Both supply and market availability of the Moroccan trilobite have also increased. Before 1991, the supply of such fossils was limited to a few large commercial dealers (e.g., Black Hills Institute of Geological Research; Paleosearch Inc.; and Prehistoric Journeys Inc.), and sales were primarily through trade shows and printed catalogs. The existence of a relatively small number of suppliers can produce a monopoly effect wherein higher prices result from a “take it or leave it” approach to selling. By 2001, however, the Internet made such fossils significantly easier to find and compare, and greatly increased the number of sellers and buyers in the marketplace. Today, sellers and buyers trade across large distances in a relatively costless environment. This is analogous to an increase in the market supply of fossils, which exerts downward pressure on prices. Furthermore, the Internet has significantly lowered the search costs involved in the purchase of fossils. Buyers may now gather price information from greater numbers of potential sellers without incurring significant cost. This mitigates any potential supply monopolies and brings greater competition to the marketplace as sellers now compete with each other—not just regionally, but nationally and even internationally. As sellers compete for business, greater competition leads to lower prices for buyers.

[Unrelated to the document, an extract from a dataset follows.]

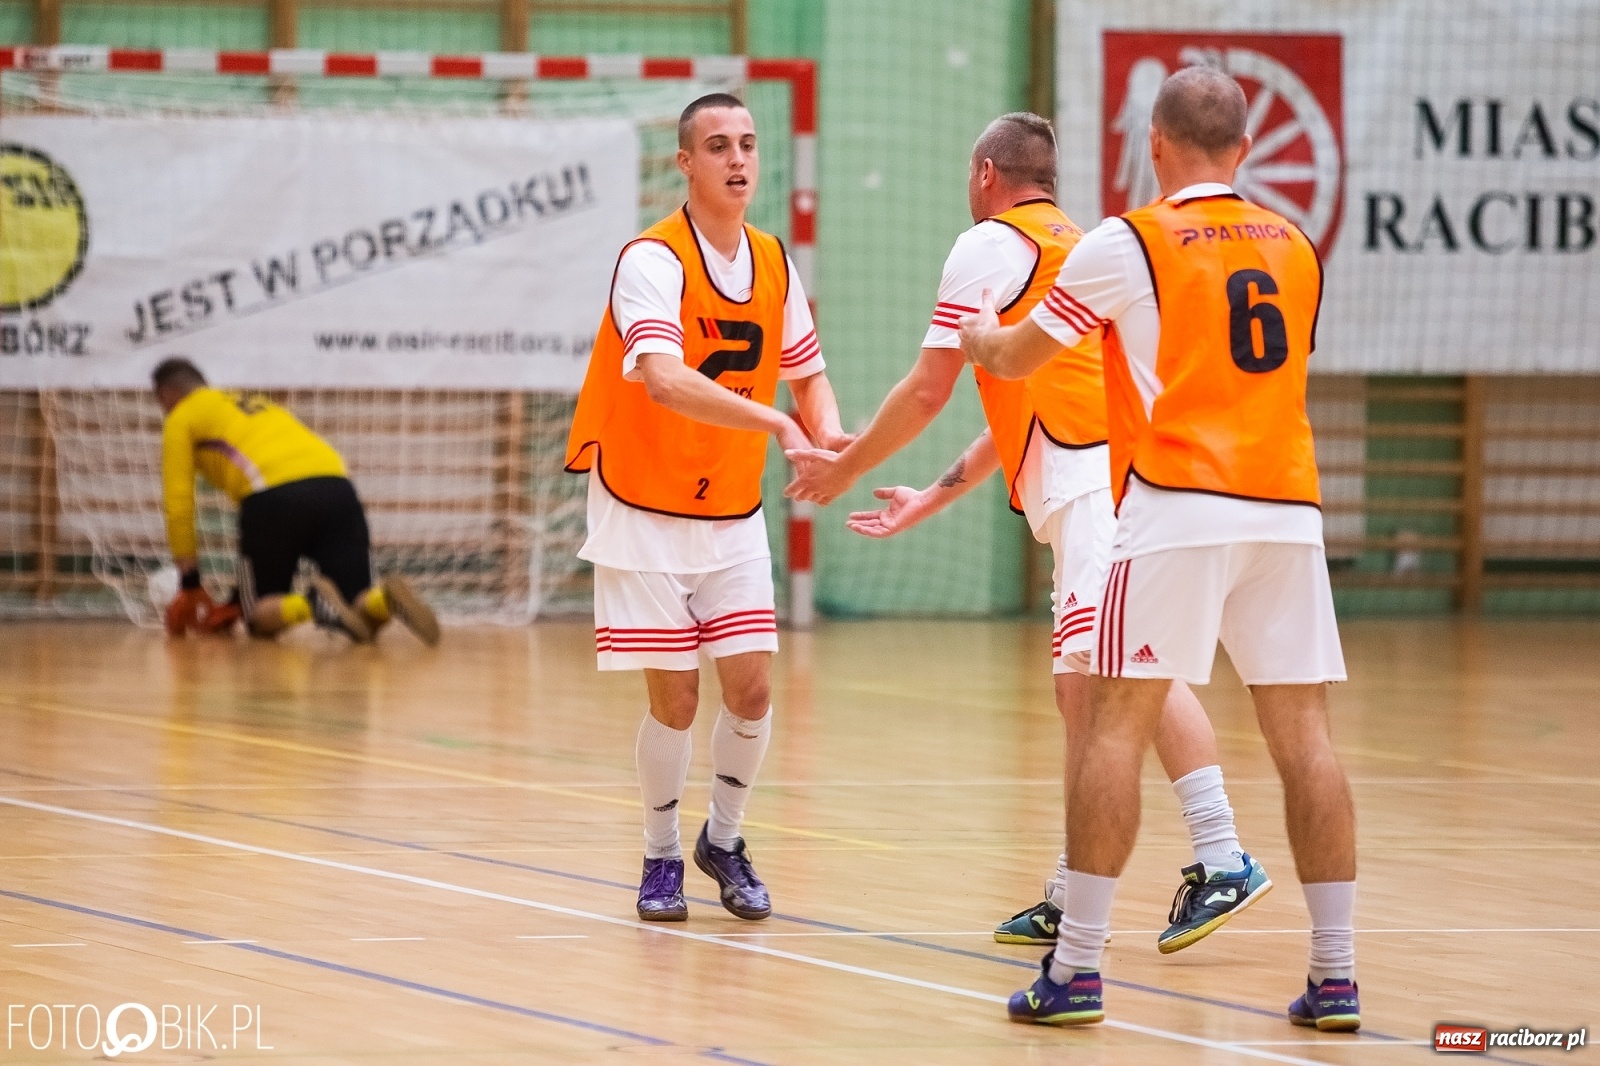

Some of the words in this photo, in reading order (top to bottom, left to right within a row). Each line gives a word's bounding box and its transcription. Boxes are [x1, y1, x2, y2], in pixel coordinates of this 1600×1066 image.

Finally, one invidious aspect of investing in fossils, especially fossils rarer than discussed in this study, is the ethical issues arising from collecting fossils of interest to scientists. The growth of private fossil ownership has led the Society of Vertebrate Paleontologists to condemn many commercial dealers and such public fossil outlets as Amazon.com (Ebeling, 2000). Perhaps one further point for debate available to concerned geoscientists should be the actual validity of the claims offered by commercial dealers—that all grades of fossils increase in value over time.

References Cited

  1. Browne, M.W., 1994, Clash on Fossil Sales Shadows a Trade Fair: The New York Times, 15 Feb. 1994, p. C9, http://www.nytimes.com/1994/02/15/science/clash-on-fossil-sales-shadows-a-trade-fair.html?pagewanted=all&src=pm (last accessed 30 May 2013).
  2. Ebeling, A., 2000, Dig It: Forbes, www.forbes.com/forbes/2000/0612/6514418a.html (last accessed 9 July 2012).
  3. McClain, D.L., 1996, Natural History at Unnatural Prices: The New York Times, 15 Sept. 1996, p. F7, http://www.nytimes.com/1996/09/15/business/natural-history-at-unnatural-prices.html (last accessed 30 May 2013).
  4. Rohleder, A., 2001, Collecting Dinosaur Bones: Forbes, http://www.forbes.com/2001/08/01/0801connguide.html (last accessed 9 July 2012).

Editor’s Note

GSA’s Policy Regarding Sale of Fossils and Specimens at GSA Meetings

GSA requires that the sale by exhibitors of fossils and specimens extracted from cave formations be limited to those obtained ethically and legally. Exhibitors who sell such items must certify that they meet the standards of the Paleontological Resources Preservation Act and/or the Federal Cave Resources Protection Act, which state:

Fossils: The sale of any paleontological resource that has been excavated or removed from federal land in violation of any provisions, rule, regulation, law, ordinance, or permit in effect under federal law is prohibited.

Cave Formations: The sale of speleothems, stalactites, and stalagmites taken from caves on any federal land is prohibited by federal law. Many states also prohibit the sale and/or removal of speleothems, stalactites, and stalagmites from caves.

GSA likewise requires certification that specimens from foreign countries offered for sale were likewise obtained in compliance with all relevant local laws and regulations, including those governing the export of specimens for sale abroad.